Data supplied below:
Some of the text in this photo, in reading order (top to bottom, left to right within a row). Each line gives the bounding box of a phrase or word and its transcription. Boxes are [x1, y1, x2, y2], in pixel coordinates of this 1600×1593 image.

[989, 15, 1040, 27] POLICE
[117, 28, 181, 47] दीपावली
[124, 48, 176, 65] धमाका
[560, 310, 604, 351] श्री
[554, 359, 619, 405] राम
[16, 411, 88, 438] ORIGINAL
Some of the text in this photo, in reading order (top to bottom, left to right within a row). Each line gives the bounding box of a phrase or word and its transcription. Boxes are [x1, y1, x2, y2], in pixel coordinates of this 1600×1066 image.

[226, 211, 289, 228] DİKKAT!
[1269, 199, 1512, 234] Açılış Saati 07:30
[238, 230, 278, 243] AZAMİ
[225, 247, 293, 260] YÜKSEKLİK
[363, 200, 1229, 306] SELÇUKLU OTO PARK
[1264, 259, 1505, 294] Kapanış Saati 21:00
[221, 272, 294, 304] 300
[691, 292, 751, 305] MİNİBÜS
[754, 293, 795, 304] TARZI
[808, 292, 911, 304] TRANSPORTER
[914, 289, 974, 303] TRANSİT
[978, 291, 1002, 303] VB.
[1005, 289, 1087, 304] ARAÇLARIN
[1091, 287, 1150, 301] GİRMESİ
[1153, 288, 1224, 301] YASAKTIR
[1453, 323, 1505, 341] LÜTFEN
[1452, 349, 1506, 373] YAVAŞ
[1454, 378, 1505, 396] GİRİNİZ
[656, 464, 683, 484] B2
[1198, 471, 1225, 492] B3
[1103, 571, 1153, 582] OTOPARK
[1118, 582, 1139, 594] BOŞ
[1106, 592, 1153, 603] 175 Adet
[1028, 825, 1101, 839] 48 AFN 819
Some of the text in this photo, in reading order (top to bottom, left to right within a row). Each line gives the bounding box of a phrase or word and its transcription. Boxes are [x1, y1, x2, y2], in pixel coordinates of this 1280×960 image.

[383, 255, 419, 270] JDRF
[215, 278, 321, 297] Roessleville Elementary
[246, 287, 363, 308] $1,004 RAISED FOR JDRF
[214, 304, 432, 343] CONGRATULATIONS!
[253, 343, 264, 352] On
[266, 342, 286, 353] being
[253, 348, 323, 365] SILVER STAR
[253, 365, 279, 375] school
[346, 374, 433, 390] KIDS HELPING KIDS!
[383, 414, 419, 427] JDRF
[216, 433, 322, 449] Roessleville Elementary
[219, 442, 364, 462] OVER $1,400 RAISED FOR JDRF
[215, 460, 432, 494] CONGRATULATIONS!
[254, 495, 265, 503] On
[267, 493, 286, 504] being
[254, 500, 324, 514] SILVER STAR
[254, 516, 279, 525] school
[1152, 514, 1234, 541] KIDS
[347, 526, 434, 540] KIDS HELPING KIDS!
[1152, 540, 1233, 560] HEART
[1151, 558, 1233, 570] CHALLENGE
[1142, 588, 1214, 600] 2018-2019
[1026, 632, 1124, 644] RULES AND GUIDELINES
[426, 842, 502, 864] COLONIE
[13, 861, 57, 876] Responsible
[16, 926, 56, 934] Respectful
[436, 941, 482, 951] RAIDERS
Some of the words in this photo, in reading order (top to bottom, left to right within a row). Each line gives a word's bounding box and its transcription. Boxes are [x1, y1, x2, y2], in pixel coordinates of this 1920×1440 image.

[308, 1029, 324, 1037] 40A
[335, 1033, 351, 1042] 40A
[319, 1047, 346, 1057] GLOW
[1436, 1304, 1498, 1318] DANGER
End of Data supplied.
**Exercise requirements**
Beginning with the first line above, transcribe all of the data exactly.

**Answer section**
Some of the text in this photo, in reading order (top to bottom, left to right within a row). Each line gives the bounding box of a phrase or word and its transcription. Boxes are [x1, y1, x2, y2], in pixel coordinates of this 1600×1593 image.

[989, 15, 1040, 27] POLICE
[117, 28, 181, 47] दीपावली
[124, 48, 176, 65] धमाका
[560, 310, 604, 351] श्री
[554, 359, 619, 405] राम
[16, 411, 88, 438] ORIGINAL
Some of the text in this photo, in reading order (top to bottom, left to right within a row). Each line gives the bounding box of a phrase or word and its transcription. Boxes are [x1, y1, x2, y2], in pixel coordinates of this 1600×1066 image.

[226, 211, 289, 228] DİKKAT!
[1269, 199, 1512, 234] Açılış Saati 07:30
[238, 230, 278, 243] AZAMİ
[225, 247, 293, 260] YÜKSEKLİK
[363, 200, 1229, 306] SELÇUKLU OTO PARK
[1264, 259, 1505, 294] Kapanış Saati 21:00
[221, 272, 294, 304] 300
[691, 292, 751, 305] MİNİBÜS
[754, 293, 795, 304] TARZI
[808, 292, 911, 304] TRANSPORTER
[914, 289, 974, 303] TRANSİT
[978, 291, 1002, 303] VB.
[1005, 289, 1087, 304] ARAÇLARIN
[1091, 287, 1150, 301] GİRMESİ
[1153, 288, 1224, 301] YASAKTIR
[1453, 323, 1505, 341] LÜTFEN
[1452, 349, 1506, 373] YAVAŞ
[1454, 378, 1505, 396] GİRİNİZ
[656, 464, 683, 484] B2
[1198, 471, 1225, 492] B3
[1103, 571, 1153, 582] OTOPARK
[1118, 582, 1139, 594] BOŞ
[1106, 592, 1153, 603] 175 Adet
[1028, 825, 1101, 839] 48 AFN 819
Some of the text in this photo, in reading order (top to bottom, left to right within a row). Each line gives the bounding box of a phrase or word and its transcription. Boxes are [x1, y1, x2, y2], in pixel coordinates of this 1280×960 image.

[383, 255, 419, 270] JDRF
[215, 278, 321, 297] Roessleville Elementary
[246, 287, 363, 308] $1,004 RAISED FOR JDRF
[214, 304, 432, 343] CONGRATULATIONS!
[253, 343, 264, 352] On
[266, 342, 286, 353] being
[253, 348, 323, 365] SILVER STAR
[253, 365, 279, 375] school
[346, 374, 433, 390] KIDS HELPING KIDS!
[383, 414, 419, 427] JDRF
[216, 433, 322, 449] Roessleville Elementary
[219, 442, 364, 462] OVER $1,400 RAISED FOR JDRF
[215, 460, 432, 494] CONGRATULATIONS!
[254, 495, 265, 503] On
[267, 493, 286, 504] being
[254, 500, 324, 514] SILVER STAR
[254, 516, 279, 525] school
[1152, 514, 1234, 541] KIDS
[347, 526, 434, 540] KIDS HELPING KIDS!
[1152, 540, 1233, 560] HEART
[1151, 558, 1233, 570] CHALLENGE
[1142, 588, 1214, 600] 2018-2019
[1026, 632, 1124, 644] RULES AND GUIDELINES
[426, 842, 502, 864] COLONIE
[13, 861, 57, 876] Responsible
[16, 926, 56, 934] Respectful
[436, 941, 482, 951] RAIDERS
Some of the words in this photo, in reading order (top to bottom, left to right within a row). Each line gives a word's bounding box and its transcription. Boxes are [x1, y1, x2, y2], in pixel coordinates of this 1920×1440 image.

[308, 1029, 324, 1037] 40A
[335, 1033, 351, 1042] 40A
[319, 1047, 346, 1057] GLOW
[1436, 1304, 1498, 1318] DANGER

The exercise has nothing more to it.